Gritty and rough around the edges, this isn't a series you'll like if you can't handle a few - okay, a lot - of four letter words, violence, blood, guts and gore. Jack's , thankfully, smarter than his vocabulary and surprisingly endearing despite his rough edges. Just wish we'd seen more of Pete in this one.
After releasing an old dangerous god, even though he captured him again, people have not been asking for Jack to work any cases or even want him around period. None of the magically inclined will forgive Jack and are hunting him. Jack's wondering where Morrigan, the maiden of death who marked him young, is at as he disobeyed her. Pete is a few months pregnant and now completely silent towards Jack. He figures she is shutting down with him slowly and will leave him soon to raise the kid away from this life style. But Jack is determined to protect Pete and the baby as long as she is around. So with all the threats in London Jack needs to take Pete and leave. Pete decides she is taking a case in Los Angeles, America. And Jack can't let her show more go alone, even though he doesn't like the sounds of it.

Jack seems to be different in this book ever so slightly. Even though his life style is not one for raising a child in and the dangerous magic all around him is deadly to a baby, he sounds as he wants the baby. I liked this growth in Jack. He's becoming a bigger person, and even though he thinks himself a dead-beat dad he wants to be more. Jack even makes a HUGE change in the end of the book. ;) Thanks to something...special... to him after Bone Gods. I really liked this.

I did feel like I missed a story here somewhere when it came to Pete. I couldn't really place her feelings. I know she's pregnant and that should explain a lot, but well... for me I felt she was more disconnected here and not as much in the story as Jack, our leading man. But the baby is a HUGE focus for both Pete and Jack, and they each want the baby to be safe and raised properly, which is another reason for her distancing.

We get to see Jack, and Pete, outside of their usually comfort zone of London. They are now in America for this story. Los Angeles of all places. Los Angeles has a special feel to it as well, which is an attraction for the magical type, the Black, and demons. I have to say we do make a trip to Hell with Jack as well. I enjoyed this different view this time around.

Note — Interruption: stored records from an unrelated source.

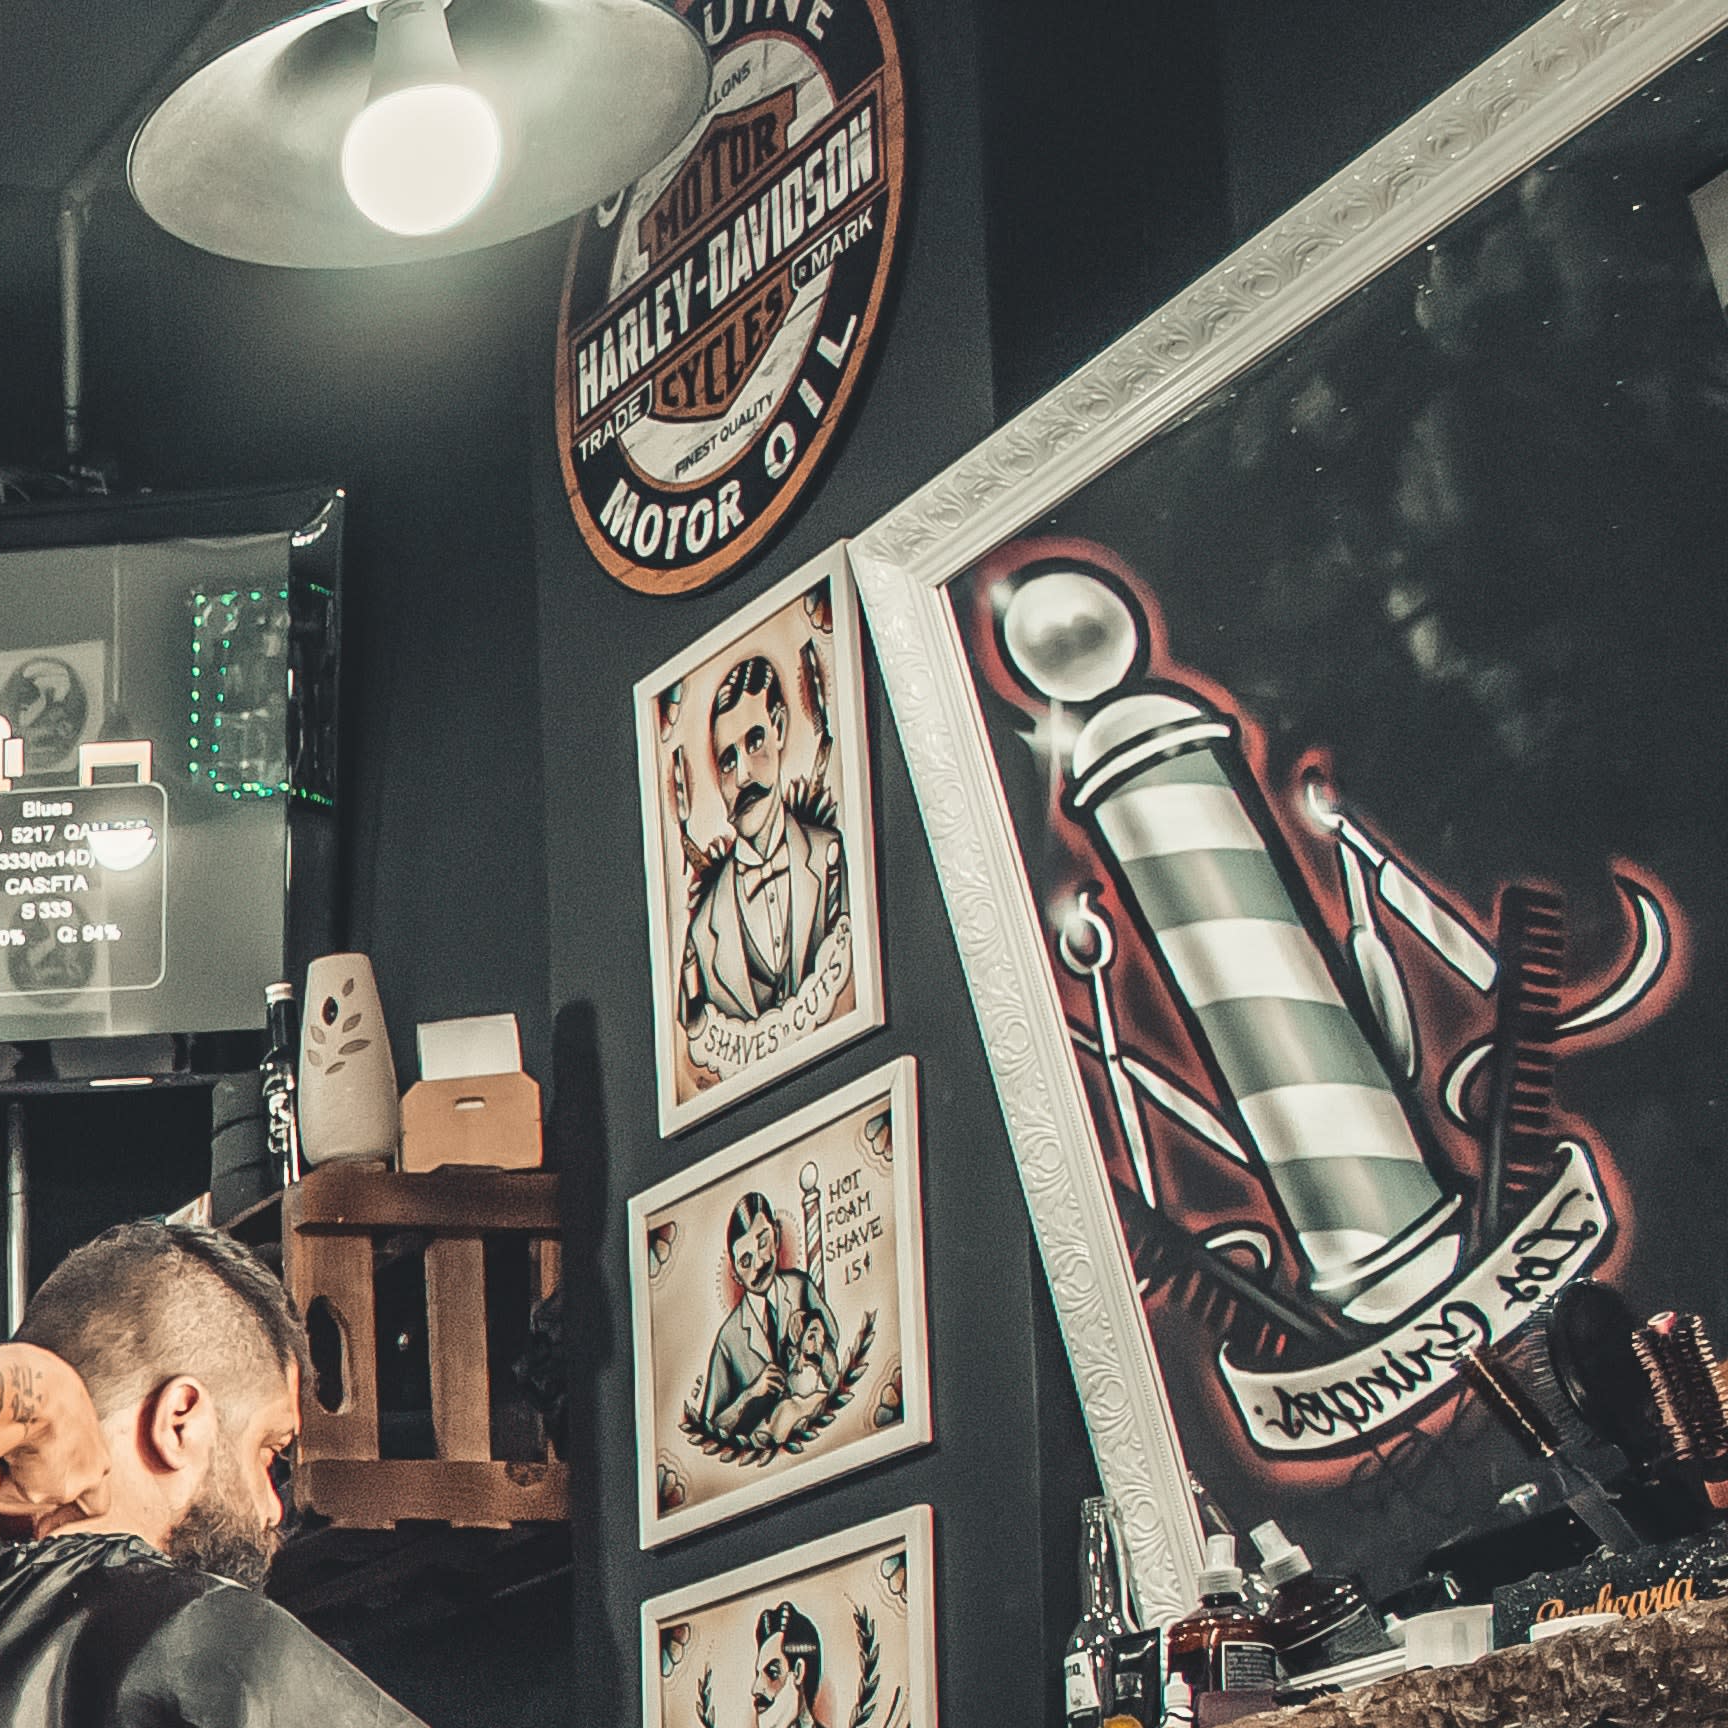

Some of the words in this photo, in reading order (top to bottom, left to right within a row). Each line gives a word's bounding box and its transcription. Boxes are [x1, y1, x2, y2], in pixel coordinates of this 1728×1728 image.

[578, 107, 874, 418] HARLEY-DAVIDSON
[811, 206, 874, 278] MARK
[661, 281, 785, 409] CYCLES
[578, 394, 642, 462] TRADE
[600, 478, 745, 560] MOTOR
[764, 314, 858, 480] OIL
[675, 432, 719, 479] FINEST
[718, 390, 775, 443] QUALITY
[11, 825, 56, 844] 5217
[22, 801, 73, 818] Blues
[5, 875, 89, 896] CAS:FTA
[705, 1025, 779, 1065] SHAVES
[793, 951, 842, 1031] CUTS
[825, 1191, 871, 1233] FOAM
[828, 1169, 861, 1203] HOT
[825, 1216, 883, 1262] SHAVE

Oh the demons... Jack finds an alley in someone he never thought he would. And makes a few new enemies. Jack, of course, is not the most likable person, but seems to find trouble no matter where he is. Being the Crow-mage seems to attract them all like a beacon in the night.

Again such a dark urban fantasy read. This book is not full of rainbows, but more of hell and fighting. I feel as this book is taking us through a transition period, with Jack and even the new baby to be. There is more to come and that baby is going to have some serious issues, good and bad. I'm looking forward to seeing what is to come here.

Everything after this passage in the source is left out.